8.2. Geometric Correction

The objectives of these materials are:

• to understand the circumstances under which geometric correction is necessary
• to understand different techniques for geometric correction and their strengths and limitations

Geometric correction (sometimes abbreviated to geocorrection) is the process of transforming the X and Y dimensions of a remotely sensed image, so that spatial distortions in the original image are eliminated or minimised and the output X and Y dimensions correspond to a chosen geographic reference system. Examples of geographic reference systems include latitude and longitude, the Universal Transverse Mercator system of projections, and the British Ordnance Survey National Grid.

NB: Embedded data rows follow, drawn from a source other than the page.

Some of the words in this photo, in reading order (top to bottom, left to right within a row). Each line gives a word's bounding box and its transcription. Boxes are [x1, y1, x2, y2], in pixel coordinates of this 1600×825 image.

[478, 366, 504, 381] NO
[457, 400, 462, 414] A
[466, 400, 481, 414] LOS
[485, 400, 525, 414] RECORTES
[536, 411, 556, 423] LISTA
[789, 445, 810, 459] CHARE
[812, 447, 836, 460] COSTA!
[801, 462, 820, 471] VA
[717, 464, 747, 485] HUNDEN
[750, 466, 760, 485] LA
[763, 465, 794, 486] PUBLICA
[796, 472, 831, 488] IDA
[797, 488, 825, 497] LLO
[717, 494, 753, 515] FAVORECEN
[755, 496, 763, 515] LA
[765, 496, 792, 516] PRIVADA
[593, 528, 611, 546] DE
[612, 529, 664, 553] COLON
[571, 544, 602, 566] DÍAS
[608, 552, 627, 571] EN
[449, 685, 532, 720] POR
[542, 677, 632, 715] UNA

Geometric correction is undertaken to:

1. mosaic together two or more remotely sensed images into a single, combined image
2. compare two or more remotely sensed images of the same area from different times
3. locate points and features of interest on the geometrically corrected image
4. combine a remotely sensed image with data from other sources, such as map layers of national parks or population census data within a GIS
5. accurately calculate distance and area from the geocorrected image

In particular, geometric correction is necessary because satellite flight paths typically do not align with true north and the grid orientation of most geographic reference systems (see figure below).

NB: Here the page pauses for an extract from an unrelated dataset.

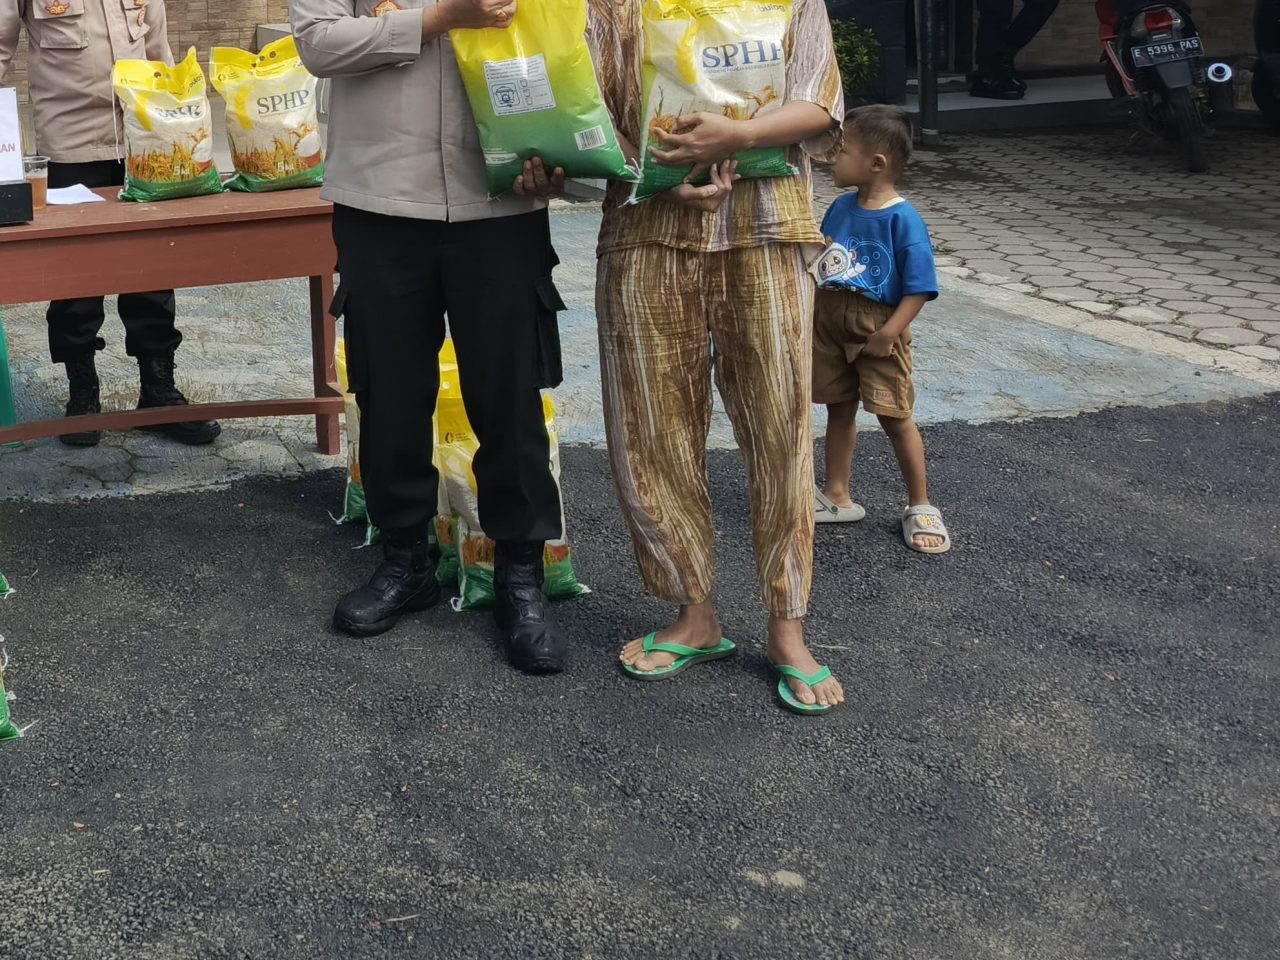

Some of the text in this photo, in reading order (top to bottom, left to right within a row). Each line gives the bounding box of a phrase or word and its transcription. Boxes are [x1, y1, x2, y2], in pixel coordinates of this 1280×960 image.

Often, satellite imagery is supplied in a format where geometric correction has already taken place. However, sometimes satellite imagery is provided without any geometric correction having taken place. In either case, it is useful to understand how geometric correction takes place.

One way of undertaking geometric correction is to use ground control points (GCPs). These points are locations that can be precisely identified both on the remotely sensed imagery and in the target geographic reference system. The coordinates of ground control points in the target reference system can be obtained either by carrying out a Global Positioning Systems (GPS) survey on the ground, or alternatively by identifying GCP locations on a second image or digital map layer that has already been georeferenced. The illustration below shows GCPs (shown as red dots) on a SPOT satellite image that can also be identified on a digital topographic map of the same area. Target reference system coordinates for each GCP can be derived from the digital topographic map and used for geometric correction of the SPOT image.

Ideally, at least 20 ground control points should be collected to geocorrect an image (more points are necessary for some more complex correction procedures) and these points should be well distributed across the image.

Activity

Look at the two images below, showing the locations of ground control points represented as crosses across a  remotely sensed image.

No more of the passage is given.